• [WORK TO COMPLETE] Could you transcribe all the entries exactly, omitting the pictures?

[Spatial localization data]
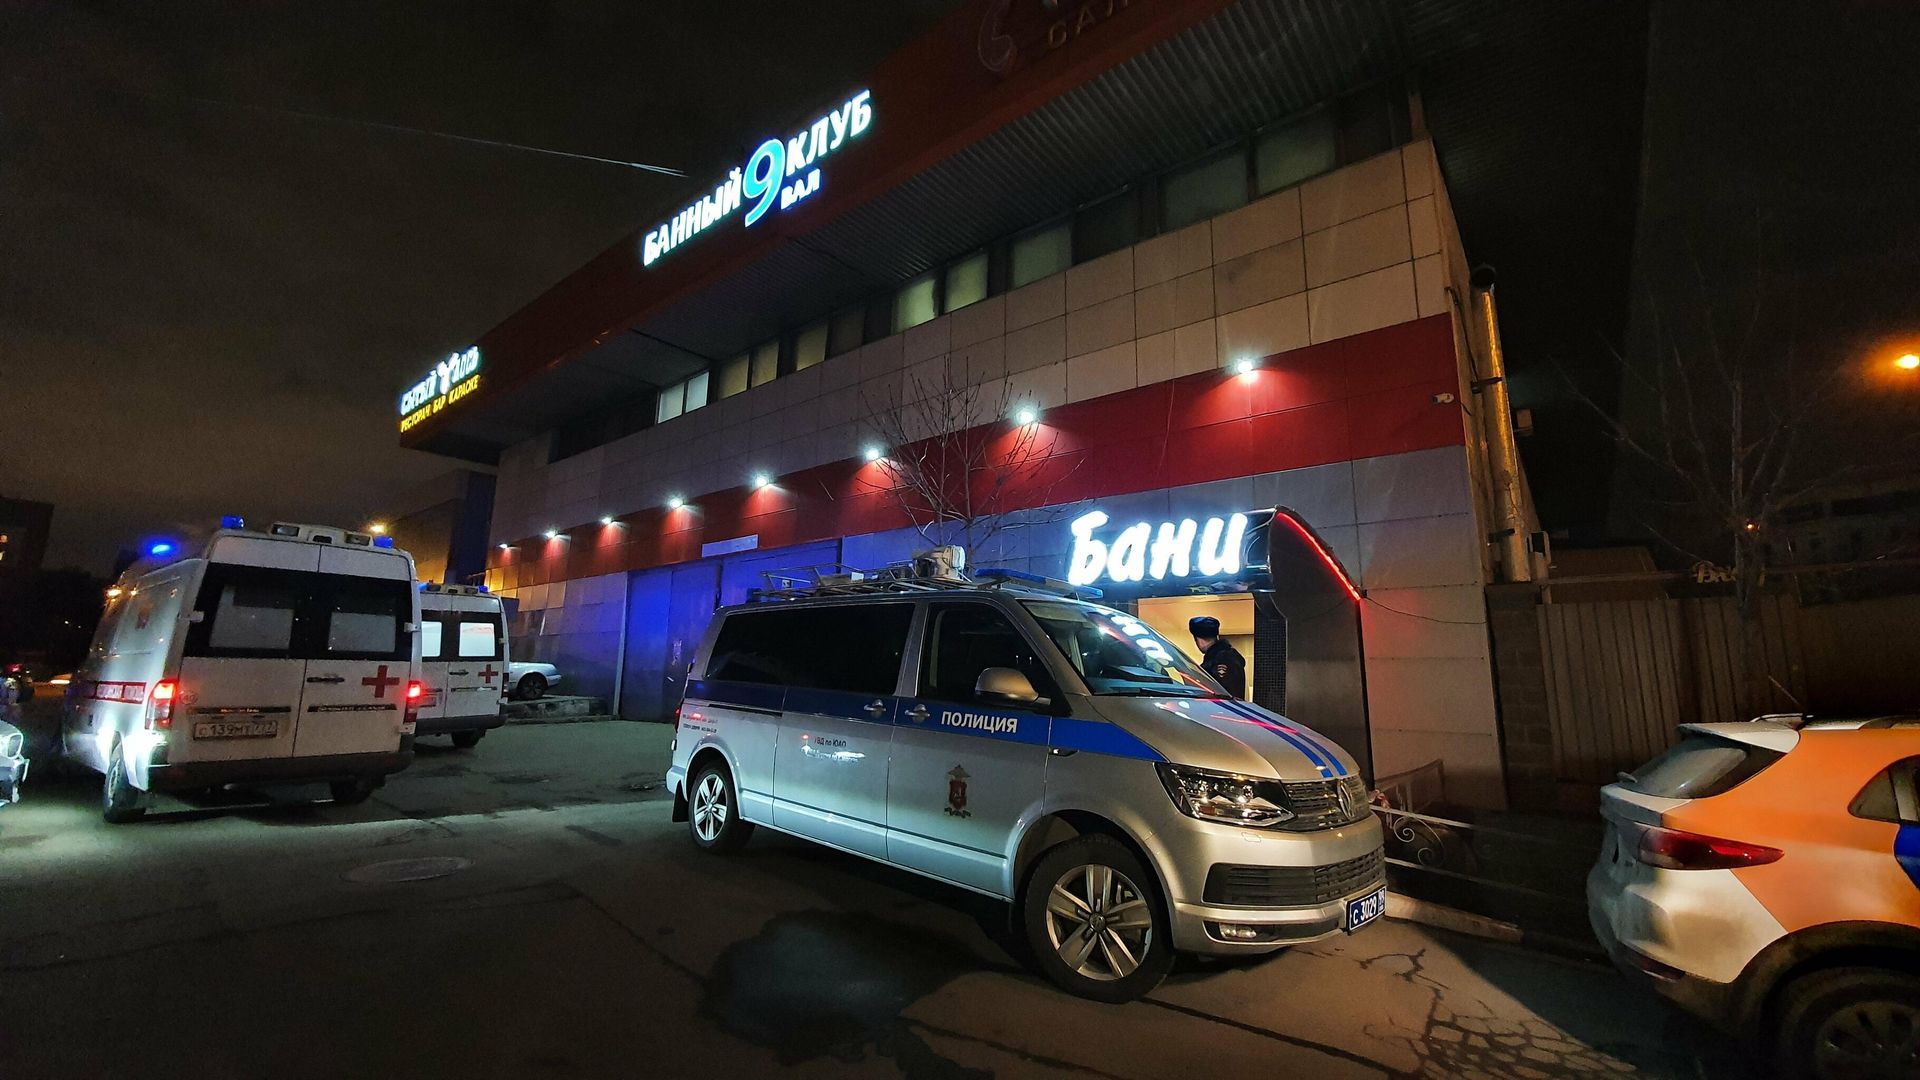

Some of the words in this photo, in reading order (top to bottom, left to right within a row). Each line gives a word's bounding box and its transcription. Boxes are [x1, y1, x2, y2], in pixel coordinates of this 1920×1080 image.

[642, 166, 741, 267] БАННЫЙ
[743, 138, 786, 228] 9
[786, 88, 872, 175] КЛУБ
[780, 168, 821, 210] ВАЛ
[433, 395, 446, 413] БАР
[448, 375, 480, 404] КАРАОКЕ
[1067, 510, 1248, 586] Бани
[941, 710, 1018, 735] ПОЛИЦИЯ
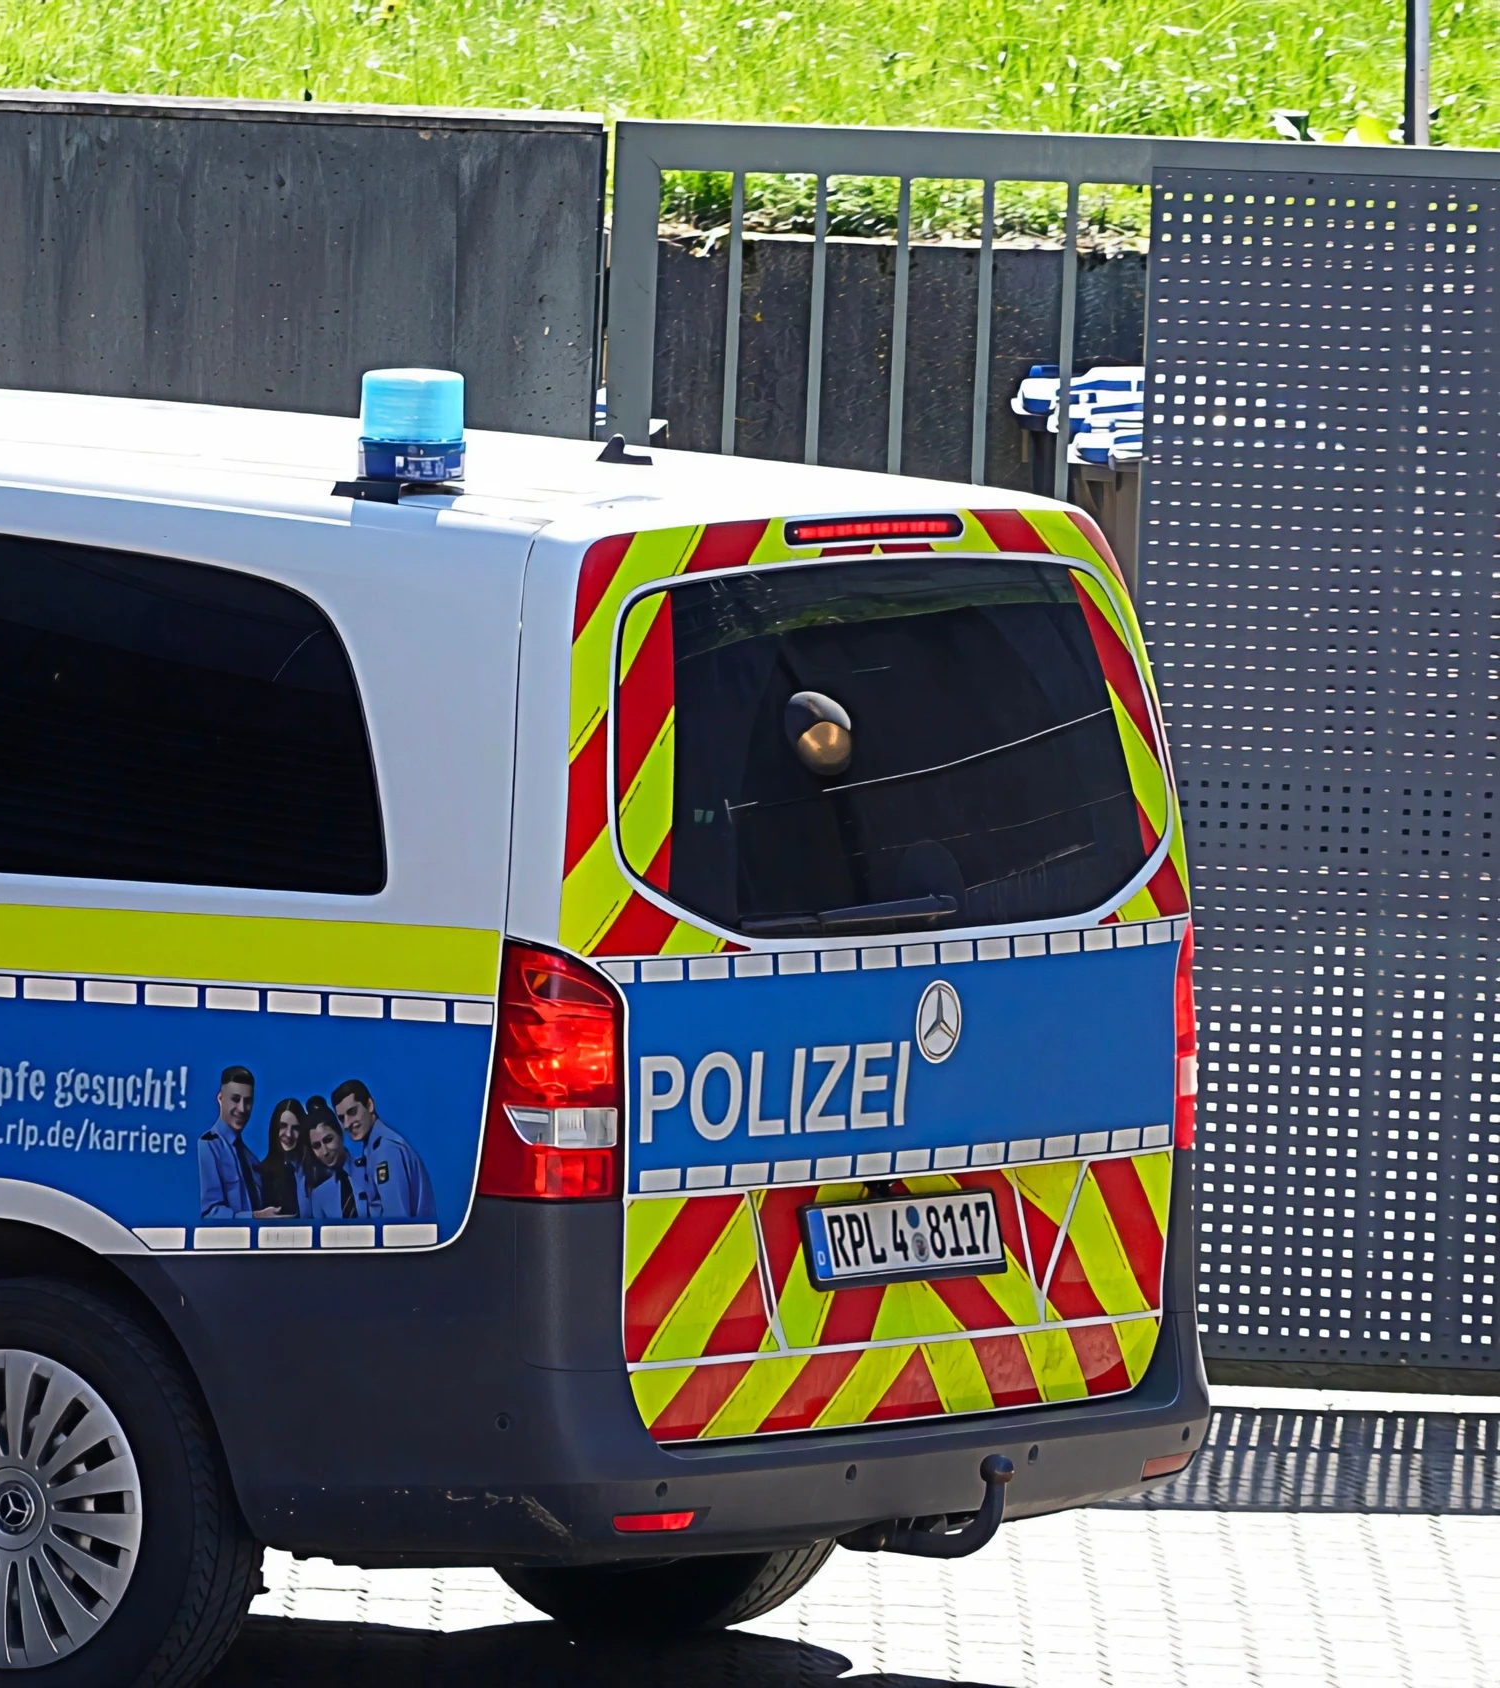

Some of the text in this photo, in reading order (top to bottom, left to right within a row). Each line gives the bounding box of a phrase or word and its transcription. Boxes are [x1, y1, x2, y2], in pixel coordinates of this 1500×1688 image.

[53, 1065, 188, 1112] gesucht!
[638, 1040, 912, 1144] POLIZEI
[827, 1211, 888, 1269] RPL

• [YOUR SOLUTION]
Some of the words in this photo, in reading order (top to bottom, left to right within a row). Each line gives a word's bounding box and its transcription. Boxes are [x1, y1, x2, y2], in pixel coordinates of this 1920×1080 image.

[642, 166, 741, 267] БАННЫЙ
[743, 138, 786, 228] 9
[786, 88, 872, 175] КЛУБ
[780, 168, 821, 210] ВАЛ
[433, 395, 446, 413] БАР
[448, 375, 480, 404] КАРАОКЕ
[1067, 510, 1248, 586] Бани
[941, 710, 1018, 735] ПОЛИЦИЯ

Some of the text in this photo, in reading order (top to bottom, left to right within a row). Each line gives the bounding box of a phrase or word and its transcription. Boxes are [x1, y1, x2, y2], in pixel coordinates of this 1500×1688 image.

[53, 1065, 188, 1112] gesucht!
[638, 1040, 912, 1144] POLIZEI
[827, 1211, 888, 1269] RPL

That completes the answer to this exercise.